We camped outside a michi-no-eki one last time in Hokkaido at Natowa-Esan, which sits on the southeast point of the island, before treating ourselves to a hotel in Hakodate. We knew that we’d be taking a ferry of dubious comfort levels when we set out to reach Honshu, so having a comfortable bed with a shower and toilet to call our own seemed like the right thing to do. Truth be told, we were so exhausted when we got there that we did our laundry (which was later hung using another makeshift drying line inside the small room) and not much else. The sights of Hakodate would have to wait until the next day.
Our final day – morning, really – in Hokkaido brought us to the star-shaped fort park in Hakodate called Goryokaku to check out the old magistrate’s house and its surrounding green space. We then set out to the old red brick warehouse area by the Kanemori Hakodate port. A carryover from industrial-era Japan, the Kanemori port has all sorts of old shops and tourist attractions near the port. Bronwyn discovered a music box “museum” in one of the old red brick warehouse which was equal parts beautiful and sensory overload.
We had read on a couple of other travel blogs that the journey between Hakodate on Hokkaido and Aomori on Honshu could be a rather painful 3.5 hours. Reports indicated that we’d need to carve out a section of carpet for the journey below the deck and try to just tolerate the experience. While it lacked the bells and whistles of a more refined yacht, the Seikan Ferry trip wasn’t nearly as painful as we expected. We sat in some chairs in a common area and tried to edit some of our ever-expanding collection of GoPro footage together and spoke with a nice old guy about where we might set up camp once we landed in Aomori City. There wasn’t food being served, but as someone who took the Bowen Island – Vancouver ferry on a fairly regular basis over the last four years, I found the journey to be easy enough. It pays to have an open mind about everything.
Finding camp in Aomori proved more difficult than we had expected. We had a quick meal at the closest 7-Eleven we could find and set out to find a park or temple on the outskirts of Aomori to escape the din of the Aomori Port. We finally settled, mosquito-bitten and soggy with perspiration, in front of a school-type building on a river bed.

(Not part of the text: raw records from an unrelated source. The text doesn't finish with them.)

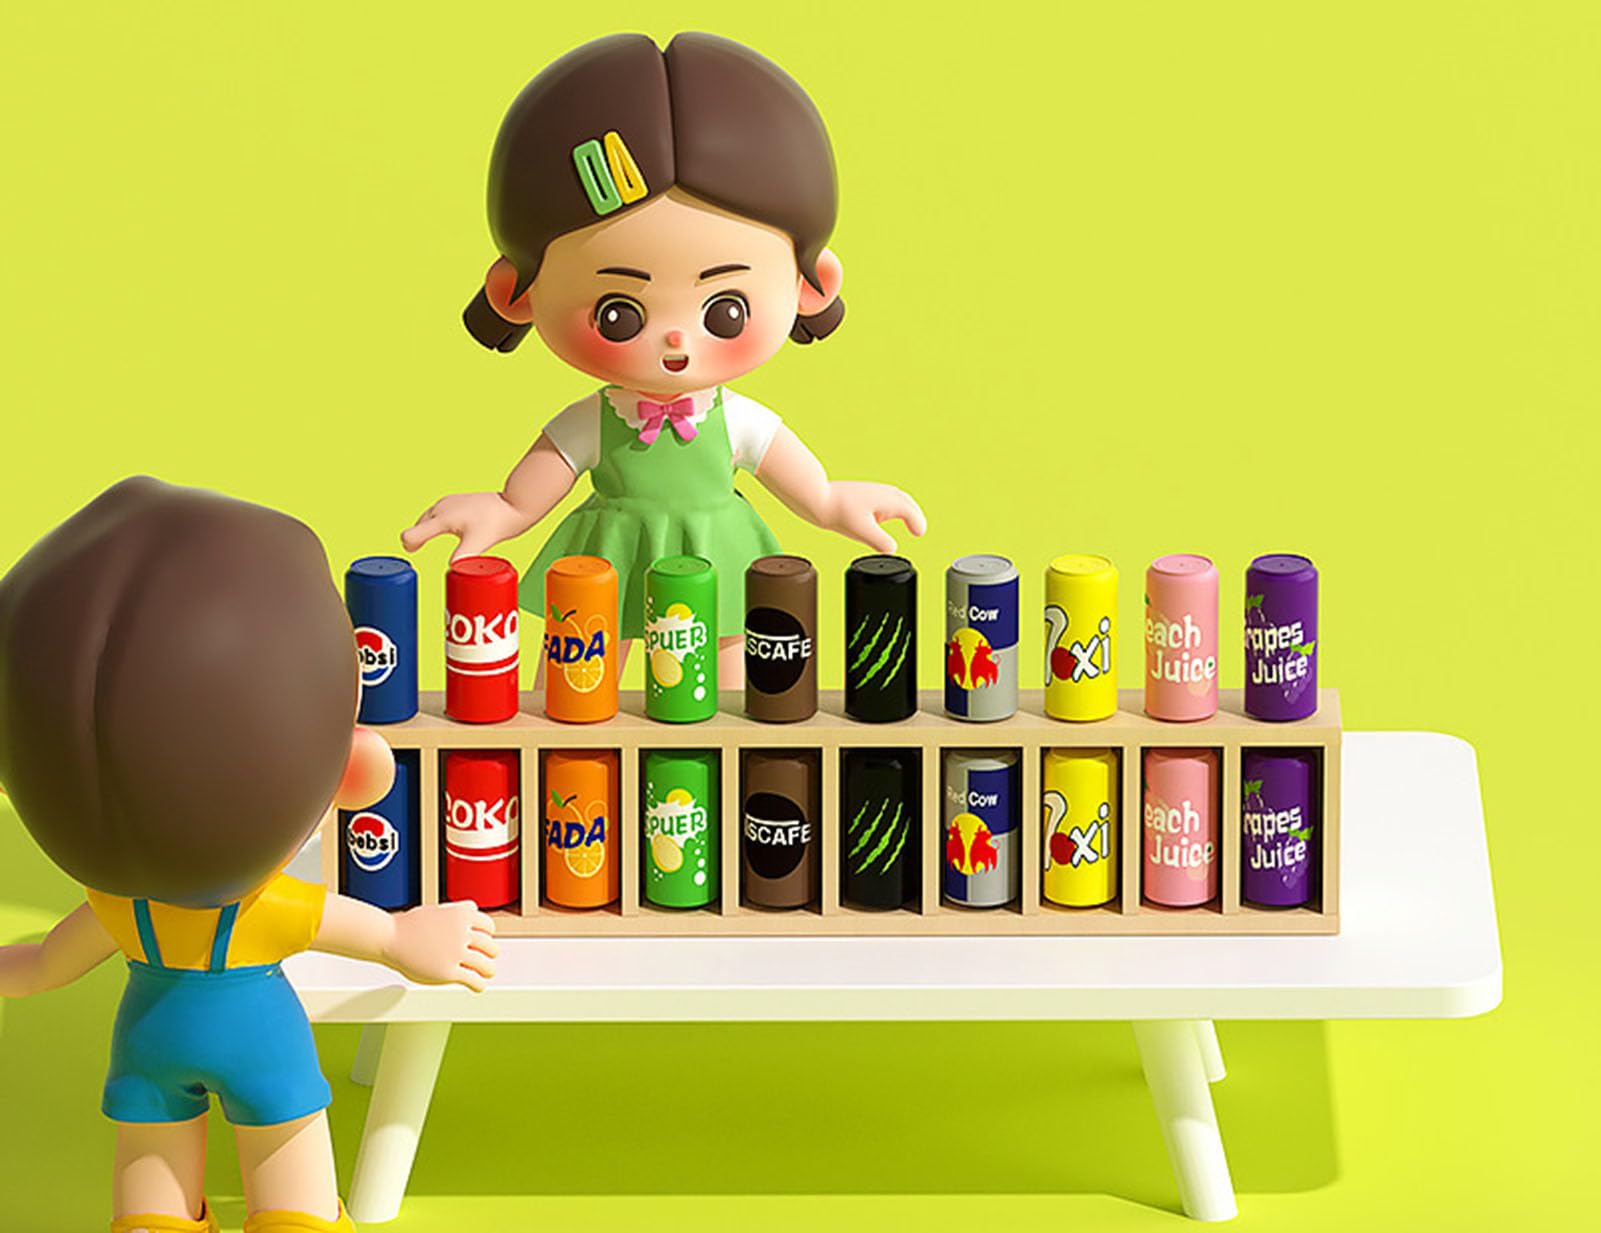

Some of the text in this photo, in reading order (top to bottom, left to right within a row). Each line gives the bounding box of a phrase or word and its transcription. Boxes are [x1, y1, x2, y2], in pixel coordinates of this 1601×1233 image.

[969, 605, 999, 621] Cow
[1151, 650, 1216, 683] Juice
[1252, 655, 1308, 684] Juice
[968, 791, 998, 807] Cow
[1150, 834, 1215, 868] Juice
[1250, 840, 1307, 869] Juice
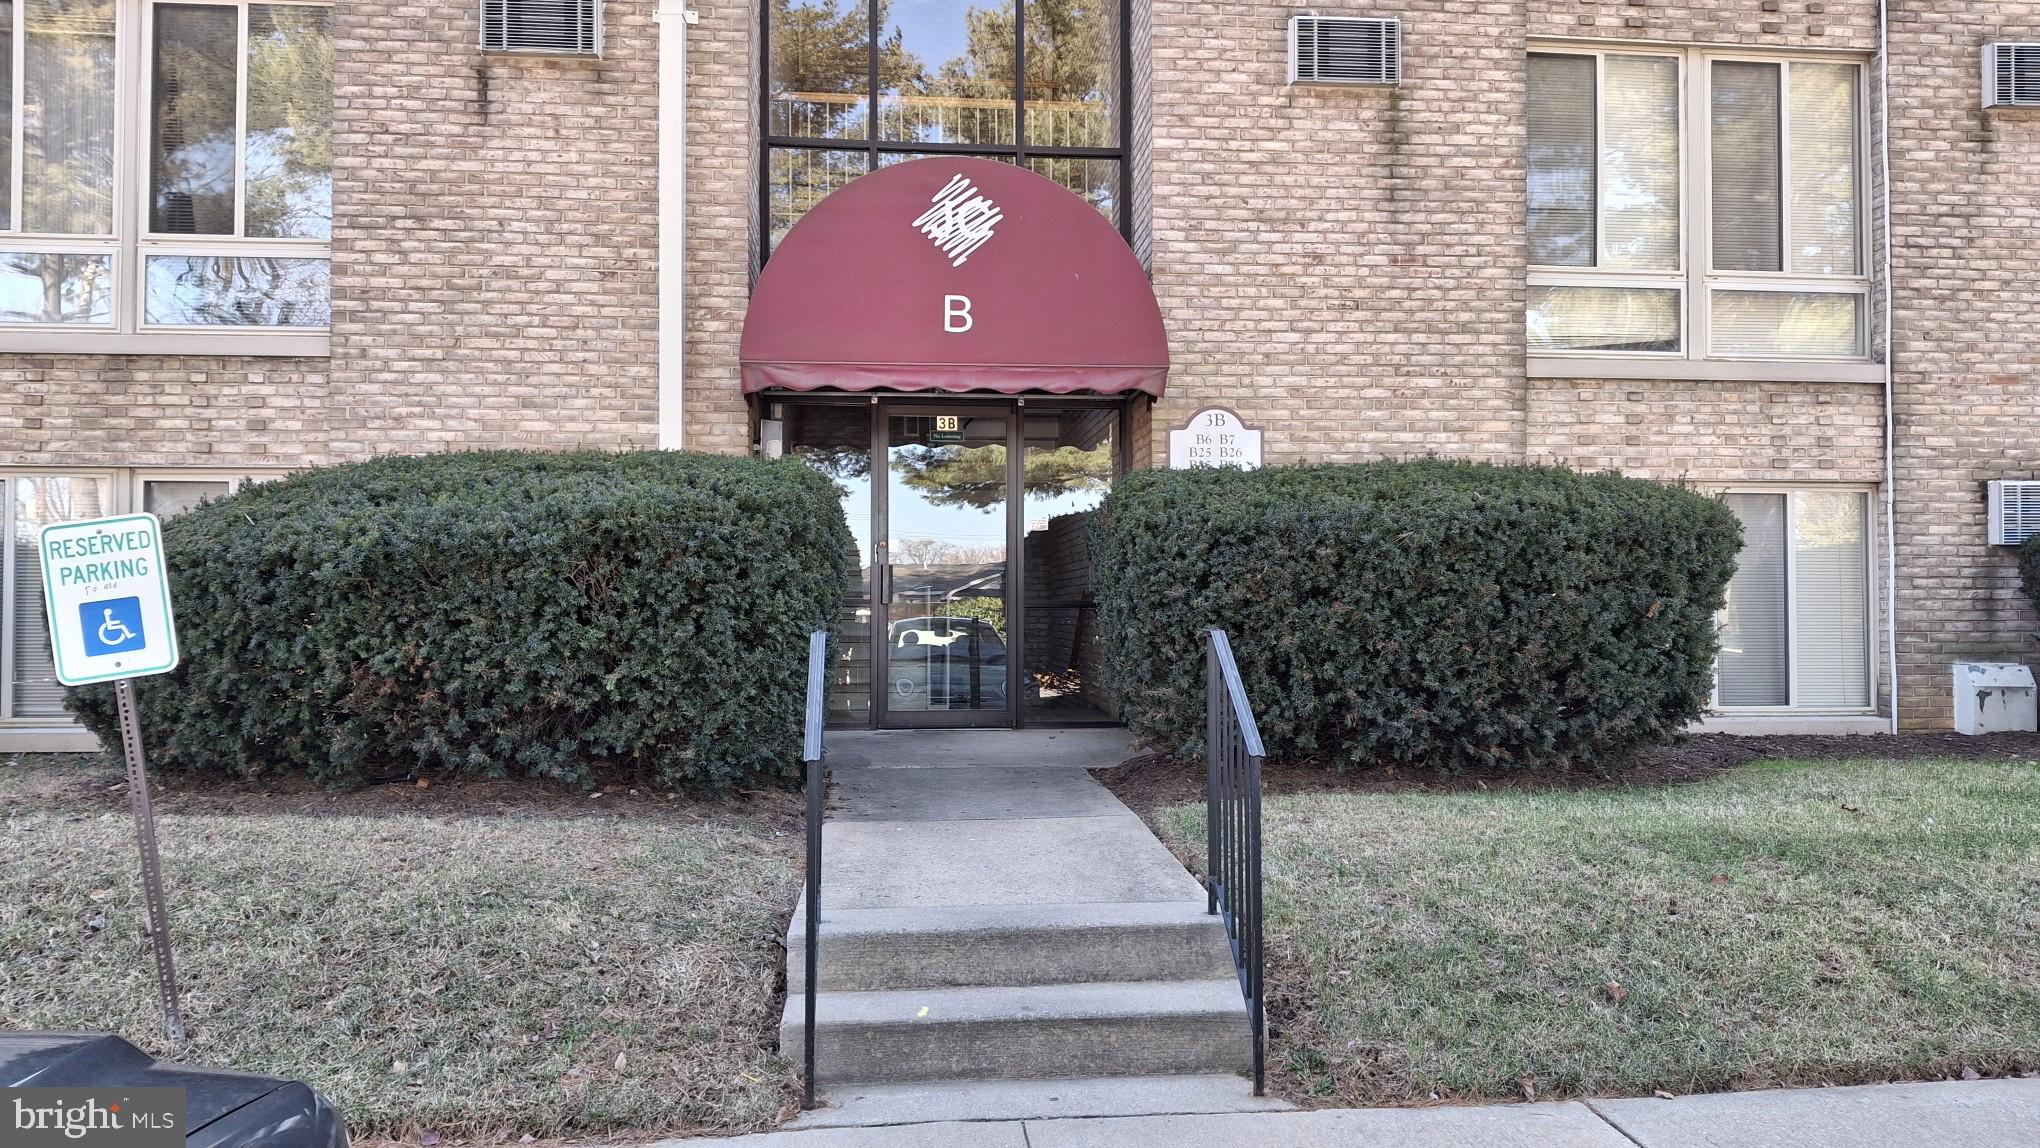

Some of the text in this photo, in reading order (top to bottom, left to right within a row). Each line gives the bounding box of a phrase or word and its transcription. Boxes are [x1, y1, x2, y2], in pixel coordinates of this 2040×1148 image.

[944, 294, 973, 332] B
[938, 417, 956, 430] 3B
[1205, 413, 1226, 427] 3B
[1196, 434, 1236, 445] B6 B7
[1188, 446, 1243, 458] B25 B26
[48, 530, 151, 560] RESERVED
[60, 557, 149, 587] PARKING

If you’ve been following this blog as we take the trip, you’ll remember Bronwyn’s post about Yakumo a week or so back that had us sleeping in a small bus shelter. The setup in the Aomori outskirts was significantly more stressful than that experience. The spot itself was fine (if somewhat bug infested), but we had to set up camp in the dark under the watchful eye of a voyeur who sat in her window across the street, at times shining a flashlight down on us. I’m sure she was as spooked with us as we were with her; I kept listening for the approach of police sirens after we got into our tent and I’m sure she was just waiting with apprehension to discover what maniacal plan we were hatching from the headquarters of our 6’x5′ nylon tent. When we awoke at 5:00am the next morning, dripping with the ambient humidity, we decided it best to get out of there and continue on.

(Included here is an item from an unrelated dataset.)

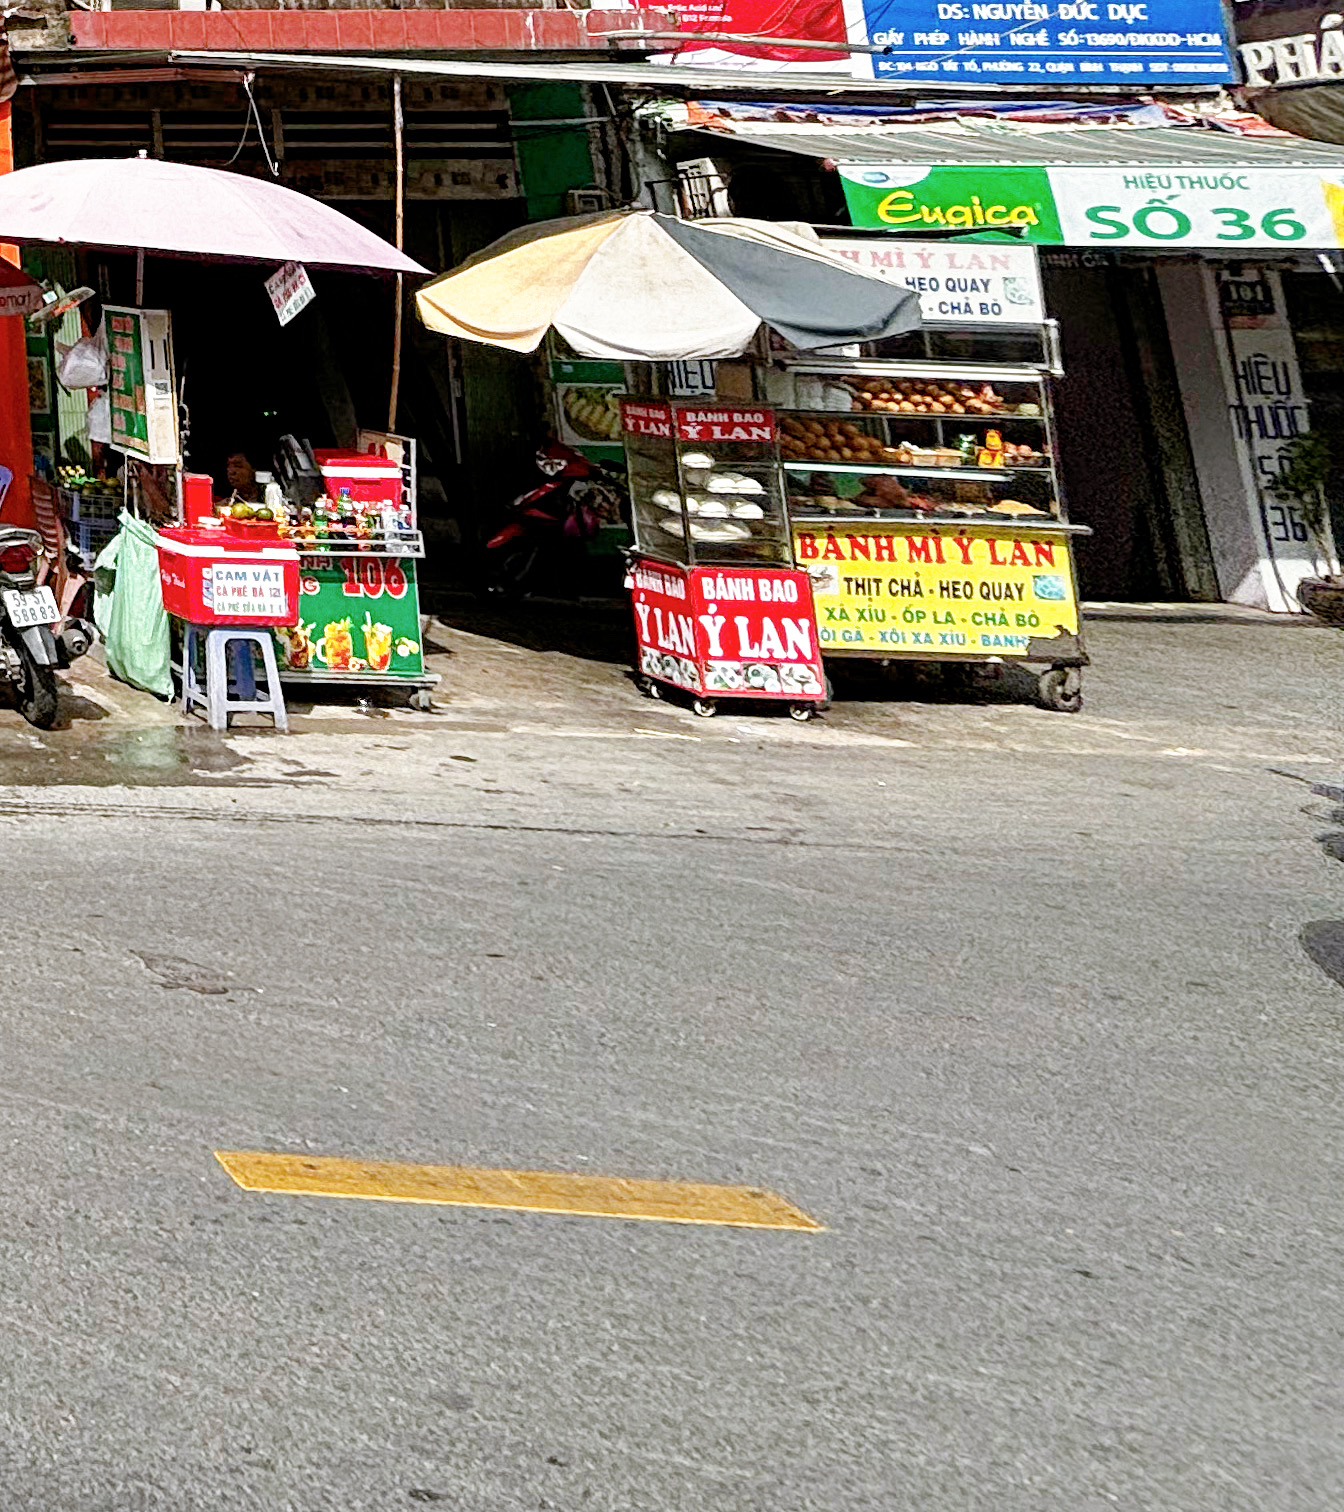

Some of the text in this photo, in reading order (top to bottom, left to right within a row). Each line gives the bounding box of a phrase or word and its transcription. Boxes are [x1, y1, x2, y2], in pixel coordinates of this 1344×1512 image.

Which brings us to last night in Ikarigaseki: we found an onsen attached to the property of the michi-no-eki and it was like heaven finding us. We even met another Japanese cyclist, Naoya-san, who was cycling from Northern Japan to Tottori in the month he has before university resumes. It was great to meet you, Naoya. We set up camp after a classic Japanese soak and we’re now on our way south through Akita prefecture, with Aomori prefecture in our proverbial rear view mirror. (NB: We really should have actual rear view mirrors. We just need to find some that will fit our drop handlebars.)
Bronwyn’s keen to write the next blog post and will probably fill in some of the details that I’ve missed here. Stay tuned!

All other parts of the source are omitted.